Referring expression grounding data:
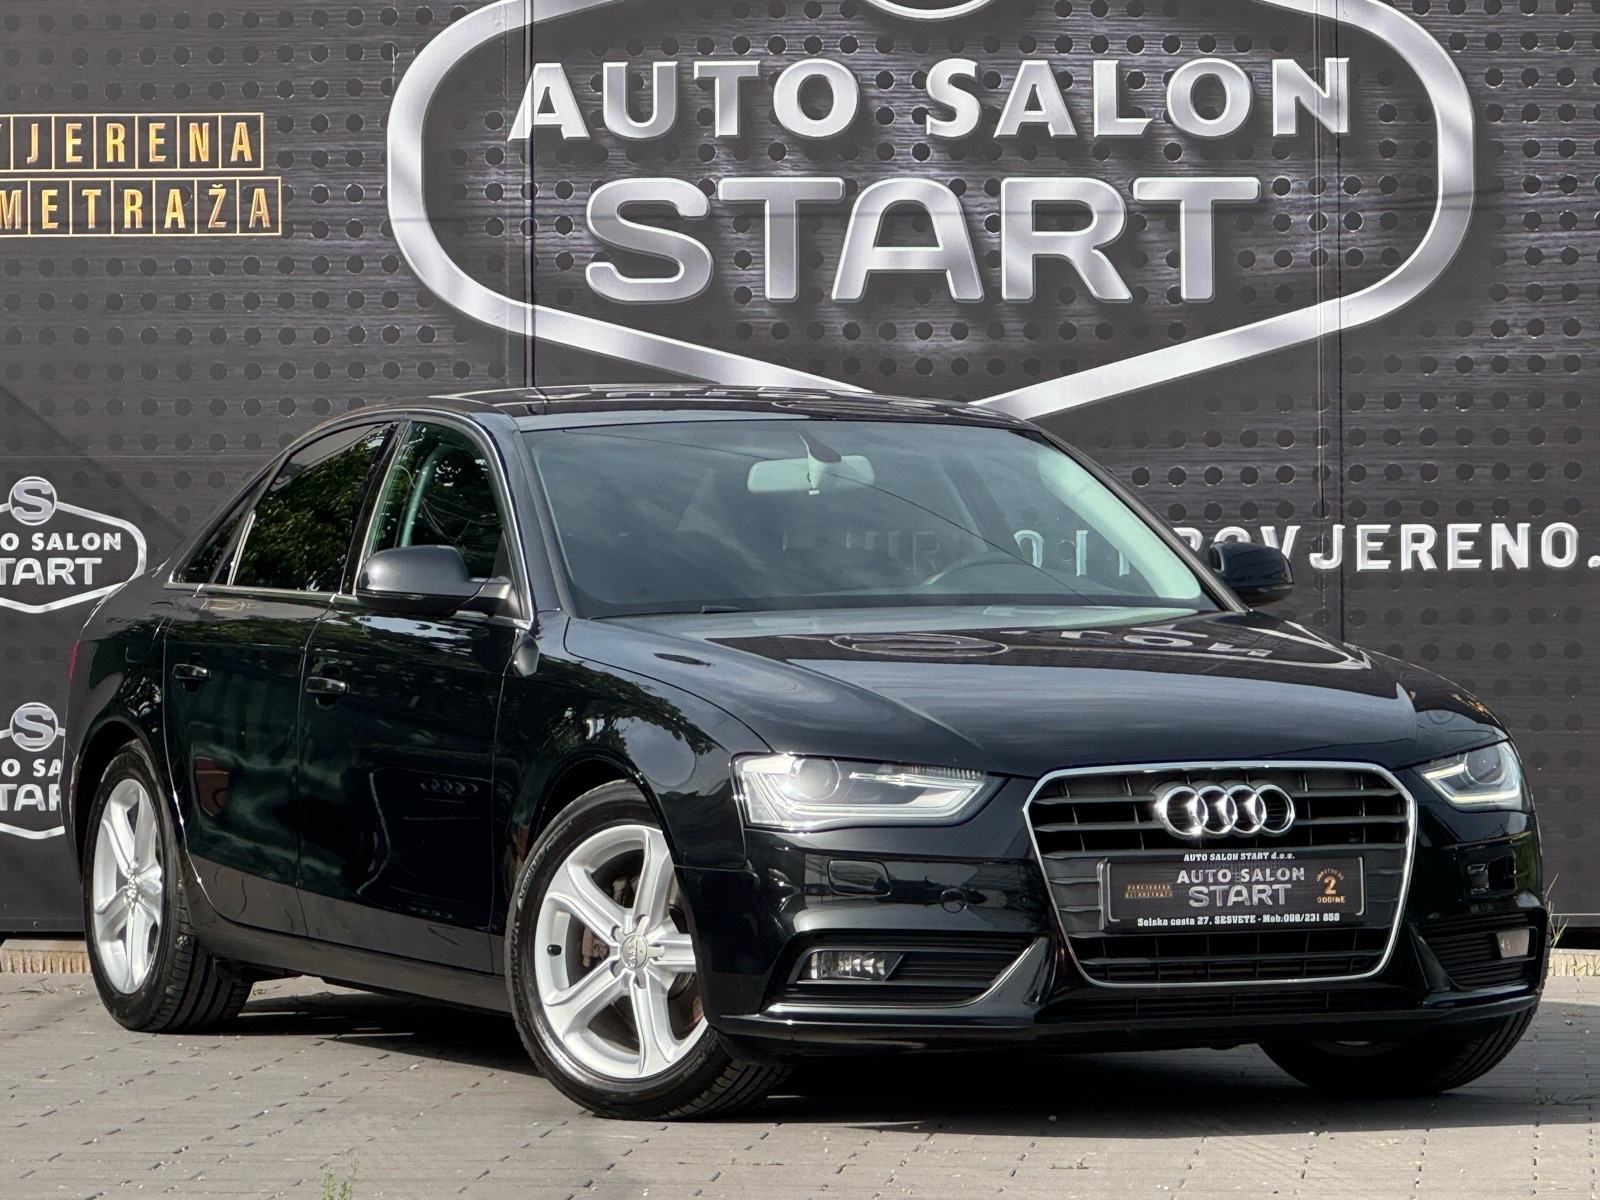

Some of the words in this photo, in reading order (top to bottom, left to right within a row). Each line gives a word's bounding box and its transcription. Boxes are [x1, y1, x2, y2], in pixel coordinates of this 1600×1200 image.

[507, 60, 860, 141] AUTO
[923, 57, 1352, 139] SALON
[0, 122, 252, 165] JERENA
[0, 184, 271, 230] METRAŽA
[585, 176, 1261, 304] START
[13, 481, 53, 521] S
[0, 532, 20, 551] O
[31, 532, 121, 551] SALON
[14, 707, 54, 747] S
[1, 758, 21, 777] O
[1183, 853, 1208, 862] AUTO
[1209, 852, 1239, 861] SALON
[1240, 851, 1270, 861] START
[1176, 868, 1232, 884] AUTO
[1240, 867, 1305, 882] SALON
[1323, 875, 1337, 895] 2
[1188, 883, 1292, 908] START

#### PROBLEM
Each entry must be reproduced word for word, and any image among them left out.

#### REPLY TO THE EXERCISE
Some of the words in this photo, in reading order (top to bottom, left to right within a row). Each line gives a word's bounding box and its transcription. Boxes are [x1, y1, x2, y2], in pixel coordinates of this 1600×1200 image.

[507, 60, 860, 141] AUTO
[923, 57, 1352, 139] SALON
[0, 122, 252, 165] JERENA
[0, 184, 271, 230] METRAŽA
[585, 176, 1261, 304] START
[13, 481, 53, 521] S
[0, 532, 20, 551] O
[31, 532, 121, 551] SALON
[14, 707, 54, 747] S
[1, 758, 21, 777] O
[1183, 853, 1208, 862] AUTO
[1209, 852, 1239, 861] SALON
[1240, 851, 1270, 861] START
[1176, 868, 1232, 884] AUTO
[1240, 867, 1305, 882] SALON
[1323, 875, 1337, 895] 2
[1188, 883, 1292, 908] START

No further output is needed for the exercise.